## Aim of the exercise
Restate the entries word for word, omitting nothing.

Segment Open

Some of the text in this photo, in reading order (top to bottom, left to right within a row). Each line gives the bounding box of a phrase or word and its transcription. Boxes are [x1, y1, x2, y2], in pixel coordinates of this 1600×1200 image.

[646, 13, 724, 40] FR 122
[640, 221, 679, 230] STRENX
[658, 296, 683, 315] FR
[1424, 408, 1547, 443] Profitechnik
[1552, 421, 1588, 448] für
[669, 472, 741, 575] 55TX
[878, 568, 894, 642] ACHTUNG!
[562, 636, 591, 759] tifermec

Segment Closed

## Task result
Some of the text in this photo, in reading order (top to bottom, left to right within a row). Each line gives the bounding box of a phrase or word and its transcription. Boxes are [x1, y1, x2, y2], in pixel coordinates of this 1600×1200 image.

[646, 13, 724, 40] FR 122
[640, 221, 679, 230] STRENX
[658, 296, 683, 315] FR
[1424, 408, 1547, 443] Profitechnik
[1552, 421, 1588, 448] für
[669, 472, 741, 575] 55TX
[878, 568, 894, 642] ACHTUNG!
[562, 636, 591, 759] tifermec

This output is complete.